INSTRUCTIONS FOR THE TASK:
Nothing in the entries may change when you repeat them, and no images may appear.

Source data:
▬▬▬

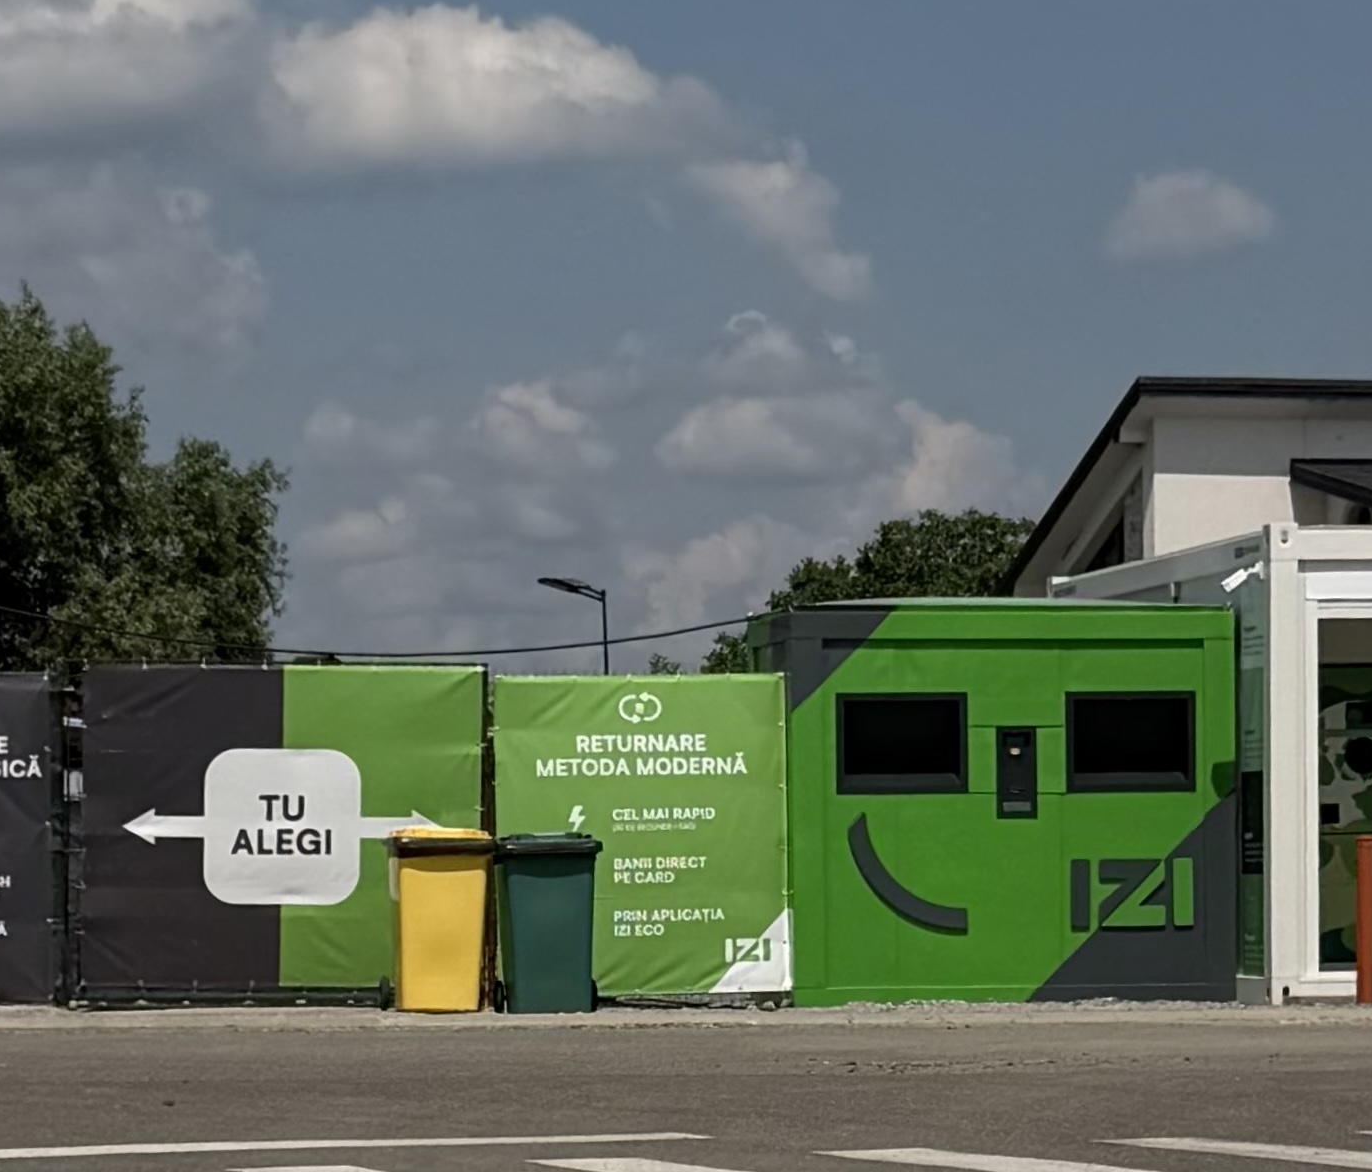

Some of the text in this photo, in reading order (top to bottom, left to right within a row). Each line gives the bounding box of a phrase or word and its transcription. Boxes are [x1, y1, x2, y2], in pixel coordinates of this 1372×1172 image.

[576, 734, 706, 753] RETURNARE
[536, 752, 747, 777] METODA MODERNĂ
[259, 794, 305, 821] TU
[612, 807, 716, 821] CEL MAI RAPID
[231, 828, 332, 855] ALEGI
[614, 856, 707, 870] BANII DIRECT
[614, 871, 675, 883] PE CARD
[1071, 858, 1195, 932] IZI
[614, 908, 725, 923] PRIN APLICAȚIA
[614, 925, 665, 937] IZI ECO
[725, 938, 771, 963] IZI
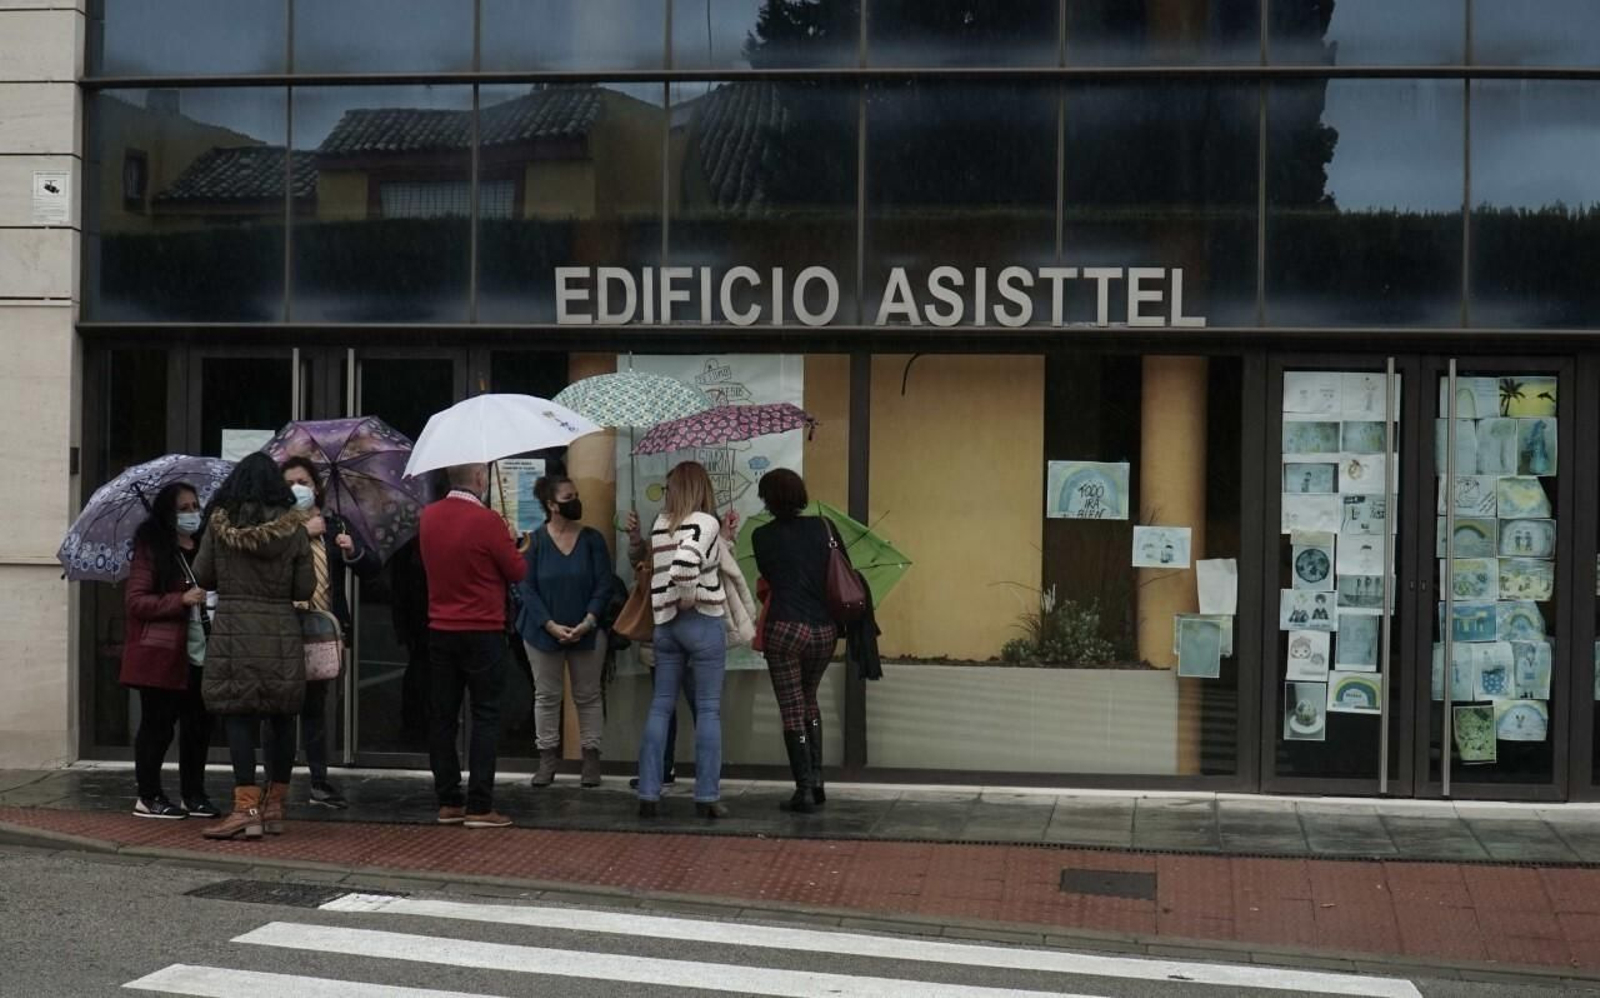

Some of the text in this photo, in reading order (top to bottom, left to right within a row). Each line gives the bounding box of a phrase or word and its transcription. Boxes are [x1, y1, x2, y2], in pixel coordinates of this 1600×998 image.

[555, 266, 1206, 327] EDIFICIO ASISTTEL
[1078, 483, 1105, 499] TODO
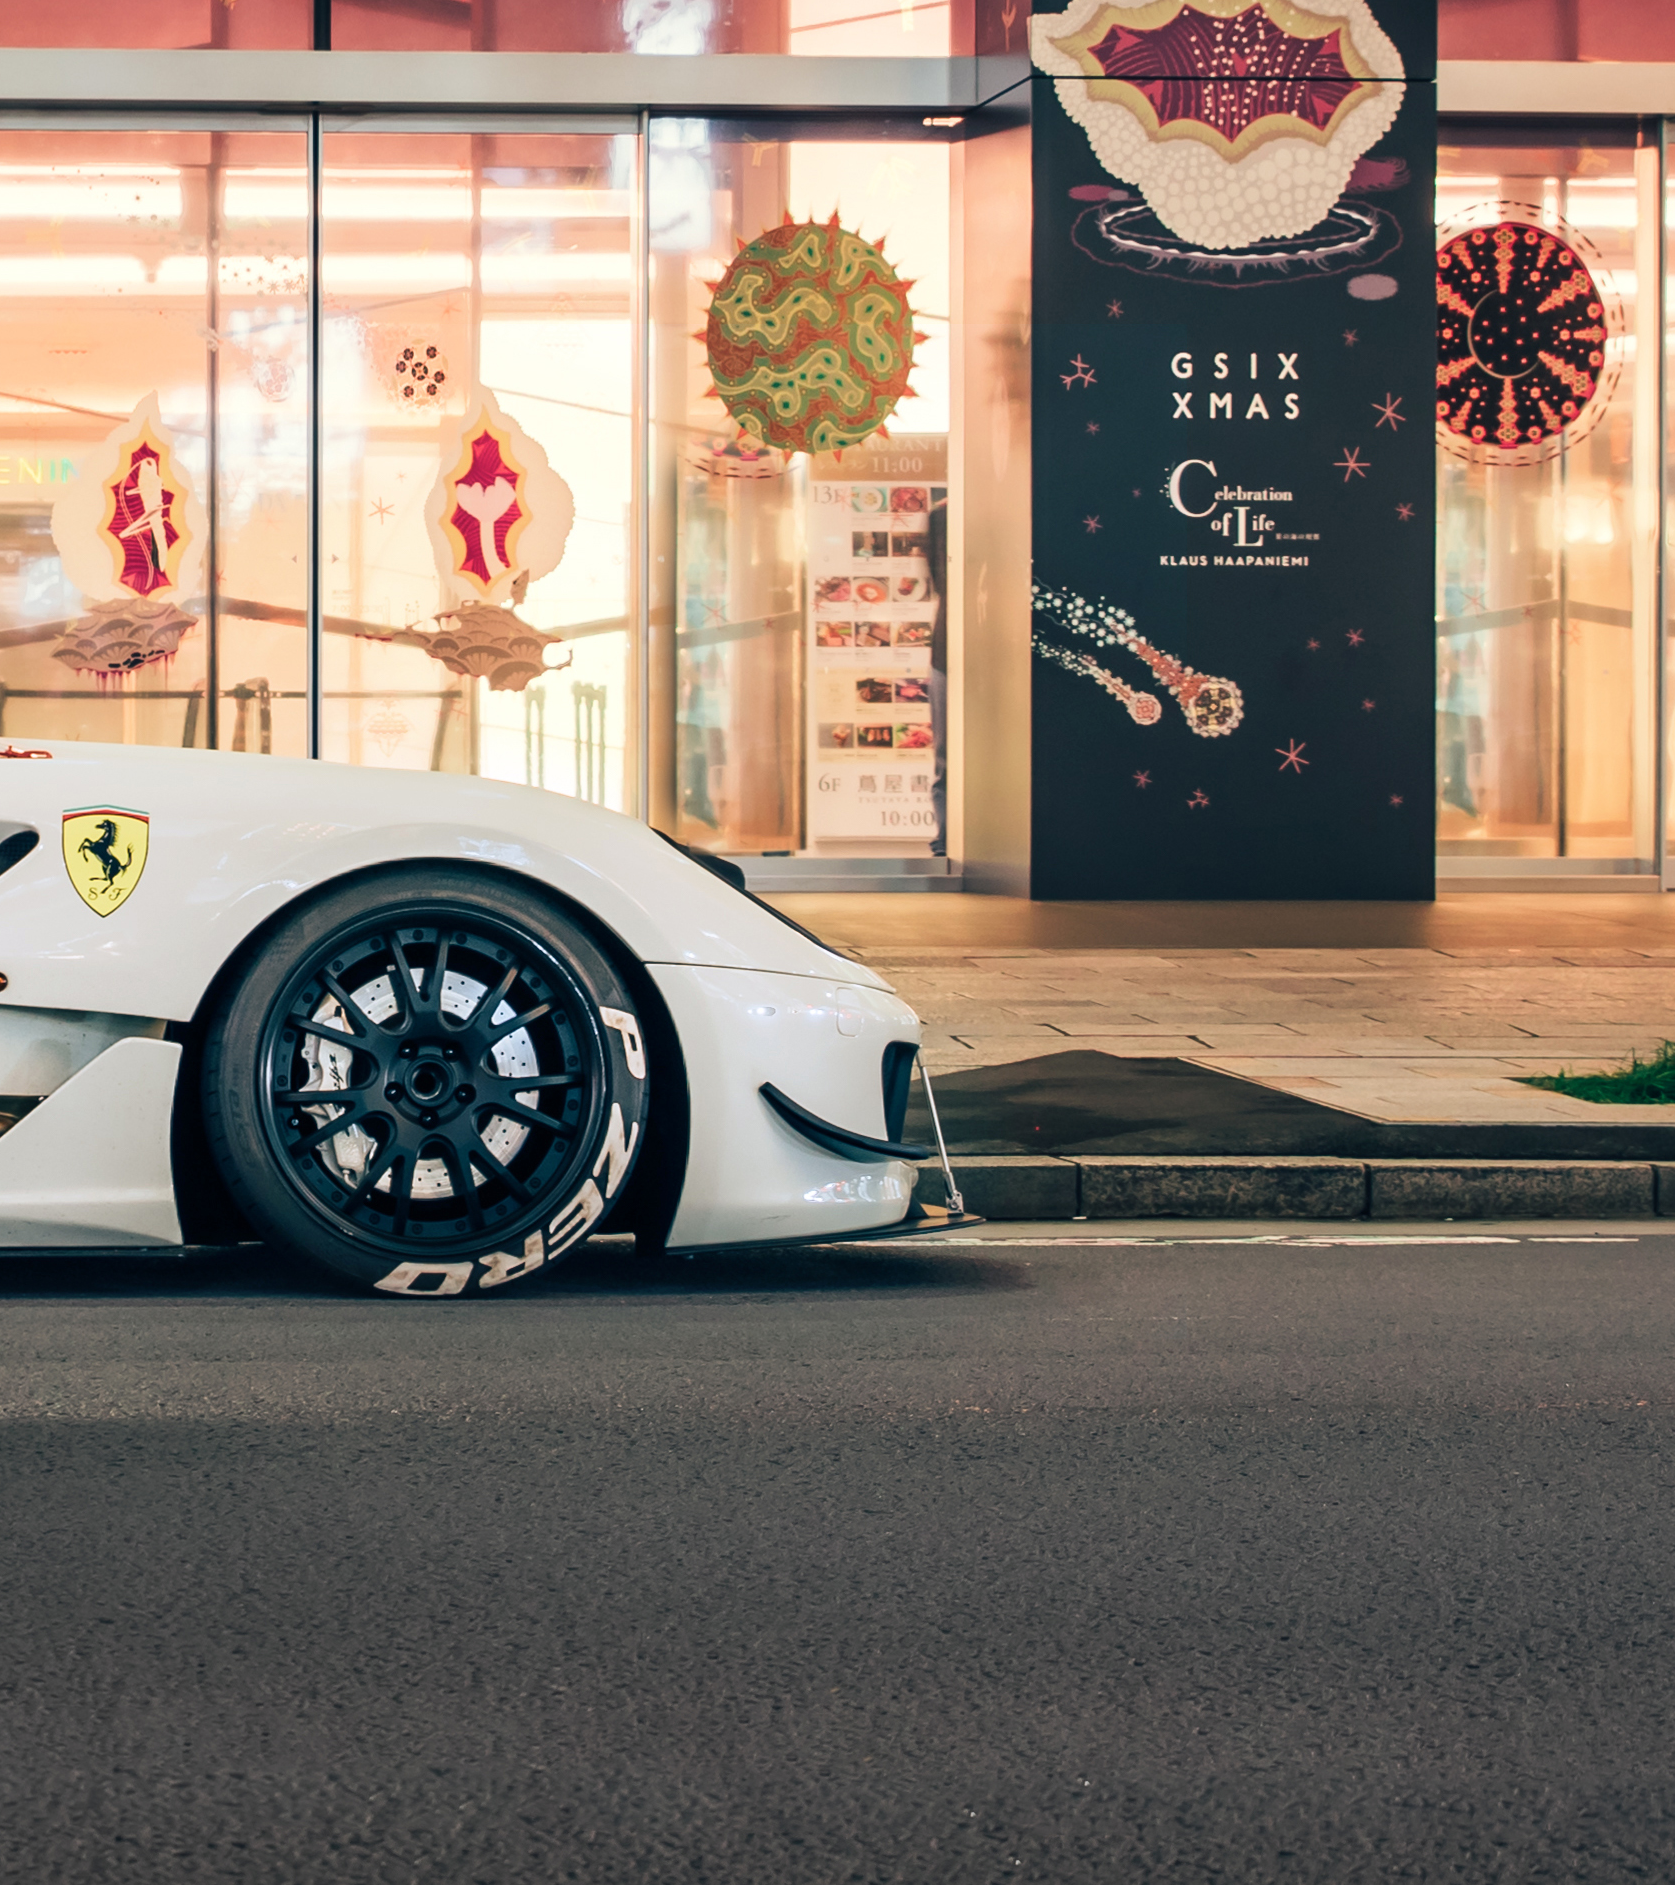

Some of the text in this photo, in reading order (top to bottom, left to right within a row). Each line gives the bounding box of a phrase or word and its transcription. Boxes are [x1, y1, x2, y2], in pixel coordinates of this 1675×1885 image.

[1170, 352, 1300, 380] GSIX
[1172, 392, 1301, 420] XMAS
[872, 456, 923, 473] 11:00
[1169, 459, 1293, 518] Celebration
[1210, 506, 1276, 547] of Life
[1159, 555, 1310, 567] KLAUS HAAPANIEMI
[818, 773, 930, 794] 6F 蔦屋書
[880, 810, 935, 826] 10:00
[599, 1005, 646, 1080] P
[375, 1102, 641, 1296] ZERO

▬▬▬

EXERCISE ANSWER:
Some of the text in this photo, in reading order (top to bottom, left to right within a row). Each line gives the bounding box of a phrase or word and its transcription. Boxes are [x1, y1, x2, y2], in pixel coordinates of this 1372×1172 image.

[576, 734, 706, 753] RETURNARE
[536, 752, 747, 777] METODA MODERNĂ
[259, 794, 305, 821] TU
[612, 807, 716, 821] CEL MAI RAPID
[231, 828, 332, 855] ALEGI
[614, 856, 707, 870] BANII DIRECT
[614, 871, 675, 883] PE CARD
[1071, 858, 1195, 932] IZI
[614, 908, 725, 923] PRIN APLICAȚIA
[614, 925, 665, 937] IZI ECO
[725, 938, 771, 963] IZI

Some of the text in this photo, in reading order (top to bottom, left to right within a row). Each line gives the bounding box of a phrase or word and its transcription. Boxes are [x1, y1, x2, y2], in pixel coordinates of this 1600×998 image.

[555, 266, 1206, 327] EDIFICIO ASISTTEL
[1078, 483, 1105, 499] TODO

Some of the text in this photo, in reading order (top to bottom, left to right within a row). Each line gives the bounding box of a phrase or word and its transcription. Boxes are [x1, y1, x2, y2], in pixel coordinates of this 1675×1885 image.

[1170, 352, 1300, 380] GSIX
[1172, 392, 1301, 420] XMAS
[872, 456, 923, 473] 11:00
[1169, 459, 1293, 518] Celebration
[1210, 506, 1276, 547] of Life
[1159, 555, 1310, 567] KLAUS HAAPANIEMI
[818, 773, 930, 794] 6F 蔦屋書
[880, 810, 935, 826] 10:00
[599, 1005, 646, 1080] P
[375, 1102, 641, 1296] ZERO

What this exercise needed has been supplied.